--- Problem to solve ---
Give every entry again, word for word.

------------------------------------------------------------

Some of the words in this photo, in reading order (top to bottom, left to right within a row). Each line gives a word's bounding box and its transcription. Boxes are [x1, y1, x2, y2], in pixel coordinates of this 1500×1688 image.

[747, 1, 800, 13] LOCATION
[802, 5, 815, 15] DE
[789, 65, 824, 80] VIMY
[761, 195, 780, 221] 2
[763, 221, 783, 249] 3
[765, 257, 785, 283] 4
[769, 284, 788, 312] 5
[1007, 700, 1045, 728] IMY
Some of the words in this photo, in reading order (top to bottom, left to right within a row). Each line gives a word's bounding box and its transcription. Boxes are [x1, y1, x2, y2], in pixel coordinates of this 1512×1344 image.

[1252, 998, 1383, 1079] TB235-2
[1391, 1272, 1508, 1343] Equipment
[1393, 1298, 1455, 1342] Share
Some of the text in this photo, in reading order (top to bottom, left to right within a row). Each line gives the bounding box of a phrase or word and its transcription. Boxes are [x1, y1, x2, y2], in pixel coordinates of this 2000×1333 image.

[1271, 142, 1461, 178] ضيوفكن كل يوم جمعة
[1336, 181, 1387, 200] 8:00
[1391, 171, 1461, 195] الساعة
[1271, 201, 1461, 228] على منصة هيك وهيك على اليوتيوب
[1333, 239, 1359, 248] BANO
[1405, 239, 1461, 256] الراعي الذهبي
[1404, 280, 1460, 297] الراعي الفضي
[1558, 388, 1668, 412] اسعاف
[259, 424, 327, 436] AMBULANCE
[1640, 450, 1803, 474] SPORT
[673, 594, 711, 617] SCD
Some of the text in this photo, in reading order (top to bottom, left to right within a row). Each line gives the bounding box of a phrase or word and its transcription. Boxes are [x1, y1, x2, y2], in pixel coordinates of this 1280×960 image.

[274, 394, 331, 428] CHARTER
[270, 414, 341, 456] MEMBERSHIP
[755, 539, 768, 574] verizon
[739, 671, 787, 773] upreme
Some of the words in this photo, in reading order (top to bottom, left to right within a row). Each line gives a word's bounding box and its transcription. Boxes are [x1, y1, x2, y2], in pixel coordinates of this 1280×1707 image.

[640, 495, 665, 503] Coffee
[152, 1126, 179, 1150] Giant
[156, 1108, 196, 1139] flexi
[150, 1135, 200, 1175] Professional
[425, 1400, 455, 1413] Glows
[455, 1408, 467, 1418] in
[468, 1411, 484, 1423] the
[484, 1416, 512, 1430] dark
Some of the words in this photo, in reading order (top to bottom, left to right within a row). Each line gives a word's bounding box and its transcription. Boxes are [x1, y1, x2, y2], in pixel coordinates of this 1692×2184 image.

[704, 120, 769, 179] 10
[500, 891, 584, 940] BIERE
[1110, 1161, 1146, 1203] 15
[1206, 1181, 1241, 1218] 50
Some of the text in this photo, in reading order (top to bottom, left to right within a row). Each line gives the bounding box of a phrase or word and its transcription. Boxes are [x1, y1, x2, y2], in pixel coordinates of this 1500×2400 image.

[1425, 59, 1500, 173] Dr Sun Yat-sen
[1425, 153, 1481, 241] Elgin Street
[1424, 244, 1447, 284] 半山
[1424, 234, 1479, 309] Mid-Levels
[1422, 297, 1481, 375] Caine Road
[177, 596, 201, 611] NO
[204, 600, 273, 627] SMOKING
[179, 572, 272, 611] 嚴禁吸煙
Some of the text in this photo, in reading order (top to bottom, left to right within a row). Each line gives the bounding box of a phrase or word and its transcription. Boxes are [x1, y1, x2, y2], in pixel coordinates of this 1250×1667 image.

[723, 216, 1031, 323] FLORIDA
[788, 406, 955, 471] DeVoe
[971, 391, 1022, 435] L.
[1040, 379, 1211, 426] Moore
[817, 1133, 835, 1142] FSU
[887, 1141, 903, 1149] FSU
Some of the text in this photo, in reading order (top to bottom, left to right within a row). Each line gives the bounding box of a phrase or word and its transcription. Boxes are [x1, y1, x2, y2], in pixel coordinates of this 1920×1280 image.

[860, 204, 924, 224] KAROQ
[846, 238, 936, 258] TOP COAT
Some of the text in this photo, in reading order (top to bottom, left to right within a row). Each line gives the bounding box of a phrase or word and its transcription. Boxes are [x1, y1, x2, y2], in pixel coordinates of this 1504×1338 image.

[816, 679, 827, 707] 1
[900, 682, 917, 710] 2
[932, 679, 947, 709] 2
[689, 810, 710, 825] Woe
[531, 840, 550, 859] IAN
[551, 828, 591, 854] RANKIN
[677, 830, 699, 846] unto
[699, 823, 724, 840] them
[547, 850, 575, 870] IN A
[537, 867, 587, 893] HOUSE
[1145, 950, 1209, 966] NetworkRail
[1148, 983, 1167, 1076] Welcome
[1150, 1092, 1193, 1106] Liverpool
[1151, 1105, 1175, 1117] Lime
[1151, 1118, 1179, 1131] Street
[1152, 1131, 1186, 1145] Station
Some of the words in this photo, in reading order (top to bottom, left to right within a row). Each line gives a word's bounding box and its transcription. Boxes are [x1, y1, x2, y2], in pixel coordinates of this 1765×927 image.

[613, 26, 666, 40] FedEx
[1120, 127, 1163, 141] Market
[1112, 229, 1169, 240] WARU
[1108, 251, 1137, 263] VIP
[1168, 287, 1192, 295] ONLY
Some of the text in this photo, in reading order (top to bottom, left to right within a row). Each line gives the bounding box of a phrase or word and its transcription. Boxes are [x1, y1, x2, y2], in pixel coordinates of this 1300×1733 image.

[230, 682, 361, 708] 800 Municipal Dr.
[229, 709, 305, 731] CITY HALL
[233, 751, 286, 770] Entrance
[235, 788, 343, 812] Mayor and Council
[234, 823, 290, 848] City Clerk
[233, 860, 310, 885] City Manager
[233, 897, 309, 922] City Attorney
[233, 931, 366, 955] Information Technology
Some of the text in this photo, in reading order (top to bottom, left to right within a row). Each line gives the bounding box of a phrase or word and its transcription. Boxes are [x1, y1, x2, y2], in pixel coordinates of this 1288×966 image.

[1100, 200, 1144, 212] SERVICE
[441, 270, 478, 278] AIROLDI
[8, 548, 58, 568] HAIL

------------------------------------------------------------

--- Written response ---
Some of the words in this photo, in reading order (top to bottom, left to right within a row). Each line gives a word's bounding box and its transcription. Boxes are [x1, y1, x2, y2], in pixel coordinates of this 1500×1688 image.

[747, 1, 800, 13] LOCATION
[802, 5, 815, 15] DE
[789, 65, 824, 80] VIMY
[761, 195, 780, 221] 2
[763, 221, 783, 249] 3
[765, 257, 785, 283] 4
[769, 284, 788, 312] 5
[1007, 700, 1045, 728] IMY
Some of the words in this photo, in reading order (top to bottom, left to right within a row). Each line gives a word's bounding box and its transcription. Boxes are [x1, y1, x2, y2], in pixel coordinates of this 1512×1344 image.

[1252, 998, 1383, 1079] TB235-2
[1391, 1272, 1508, 1343] Equipment
[1393, 1298, 1455, 1342] Share
Some of the text in this photo, in reading order (top to bottom, left to right within a row). Each line gives the bounding box of a phrase or word and its transcription. Boxes are [x1, y1, x2, y2], in pixel coordinates of this 2000×1333 image.

[1271, 142, 1461, 178] ضيوفكن كل يوم جمعة
[1336, 181, 1387, 200] 8:00
[1391, 171, 1461, 195] الساعة
[1271, 201, 1461, 228] على منصة هيك وهيك على اليوتيوب
[1333, 239, 1359, 248] BANO
[1405, 239, 1461, 256] الراعي الذهبي
[1404, 280, 1460, 297] الراعي الفضي
[1558, 388, 1668, 412] اسعاف
[259, 424, 327, 436] AMBULANCE
[1640, 450, 1803, 474] SPORT
[673, 594, 711, 617] SCD
Some of the text in this photo, in reading order (top to bottom, left to right within a row). Each line gives the bounding box of a phrase or word and its transcription. Boxes are [x1, y1, x2, y2], in pixel coordinates of this 1280×960 image.

[274, 394, 331, 428] CHARTER
[270, 414, 341, 456] MEMBERSHIP
[755, 539, 768, 574] verizon
[739, 671, 787, 773] upreme
Some of the words in this photo, in reading order (top to bottom, left to right within a row). Each line gives a word's bounding box and its transcription. Boxes are [x1, y1, x2, y2], in pixel coordinates of this 1280×1707 image.

[640, 495, 665, 503] Coffee
[152, 1126, 179, 1150] Giant
[156, 1108, 196, 1139] flexi
[150, 1135, 200, 1175] Professional
[425, 1400, 455, 1413] Glows
[455, 1408, 467, 1418] in
[468, 1411, 484, 1423] the
[484, 1416, 512, 1430] dark
Some of the words in this photo, in reading order (top to bottom, left to right within a row). Each line gives a word's bounding box and its transcription. Boxes are [x1, y1, x2, y2], in pixel coordinates of this 1692×2184 image.

[704, 120, 769, 179] 10
[500, 891, 584, 940] BIERE
[1110, 1161, 1146, 1203] 15
[1206, 1181, 1241, 1218] 50
Some of the text in this photo, in reading order (top to bottom, left to right within a row). Each line gives the bounding box of a phrase or word and its transcription. Boxes are [x1, y1, x2, y2], in pixel coordinates of this 1500×2400 image.

[1425, 59, 1500, 173] Dr Sun Yat-sen
[1425, 153, 1481, 241] Elgin Street
[1424, 244, 1447, 284] 半山
[1424, 234, 1479, 309] Mid-Levels
[1422, 297, 1481, 375] Caine Road
[177, 596, 201, 611] NO
[204, 600, 273, 627] SMOKING
[179, 572, 272, 611] 嚴禁吸煙
Some of the text in this photo, in reading order (top to bottom, left to right within a row). Each line gives the bounding box of a phrase or word and its transcription. Boxes are [x1, y1, x2, y2], in pixel coordinates of this 1250×1667 image.

[723, 216, 1031, 323] FLORIDA
[788, 406, 955, 471] DeVoe
[971, 391, 1022, 435] L.
[1040, 379, 1211, 426] Moore
[817, 1133, 835, 1142] FSU
[887, 1141, 903, 1149] FSU
Some of the text in this photo, in reading order (top to bottom, left to right within a row). Each line gives the bounding box of a phrase or word and its transcription. Boxes are [x1, y1, x2, y2], in pixel coordinates of this 1920×1280 image.

[860, 204, 924, 224] KAROQ
[846, 238, 936, 258] TOP COAT
Some of the text in this photo, in reading order (top to bottom, left to right within a row). Each line gives the bounding box of a phrase or word and its transcription. Boxes are [x1, y1, x2, y2], in pixel coordinates of this 1504×1338 image.

[816, 679, 827, 707] 1
[900, 682, 917, 710] 2
[932, 679, 947, 709] 2
[689, 810, 710, 825] Woe
[531, 840, 550, 859] IAN
[551, 828, 591, 854] RANKIN
[677, 830, 699, 846] unto
[699, 823, 724, 840] them
[547, 850, 575, 870] IN A
[537, 867, 587, 893] HOUSE
[1145, 950, 1209, 966] NetworkRail
[1148, 983, 1167, 1076] Welcome
[1150, 1092, 1193, 1106] Liverpool
[1151, 1105, 1175, 1117] Lime
[1151, 1118, 1179, 1131] Street
[1152, 1131, 1186, 1145] Station
Some of the words in this photo, in reading order (top to bottom, left to right within a row). Each line gives a word's bounding box and its transcription. Boxes are [x1, y1, x2, y2], in pixel coordinates of this 1765×927 image.

[613, 26, 666, 40] FedEx
[1120, 127, 1163, 141] Market
[1112, 229, 1169, 240] WARU
[1108, 251, 1137, 263] VIP
[1168, 287, 1192, 295] ONLY
Some of the text in this photo, in reading order (top to bottom, left to right within a row). Each line gives the bounding box of a phrase or word and its transcription. Boxes are [x1, y1, x2, y2], in pixel coordinates of this 1300×1733 image.

[230, 682, 361, 708] 800 Municipal Dr.
[229, 709, 305, 731] CITY HALL
[233, 751, 286, 770] Entrance
[235, 788, 343, 812] Mayor and Council
[234, 823, 290, 848] City Clerk
[233, 860, 310, 885] City Manager
[233, 897, 309, 922] City Attorney
[233, 931, 366, 955] Information Technology
Some of the text in this photo, in reading order (top to bottom, left to right within a row). Each line gives the bounding box of a phrase or word and its transcription. Boxes are [x1, y1, x2, y2], in pixel coordinates of this 1288×966 image.

[1100, 200, 1144, 212] SERVICE
[441, 270, 478, 278] AIROLDI
[8, 548, 58, 568] HAIL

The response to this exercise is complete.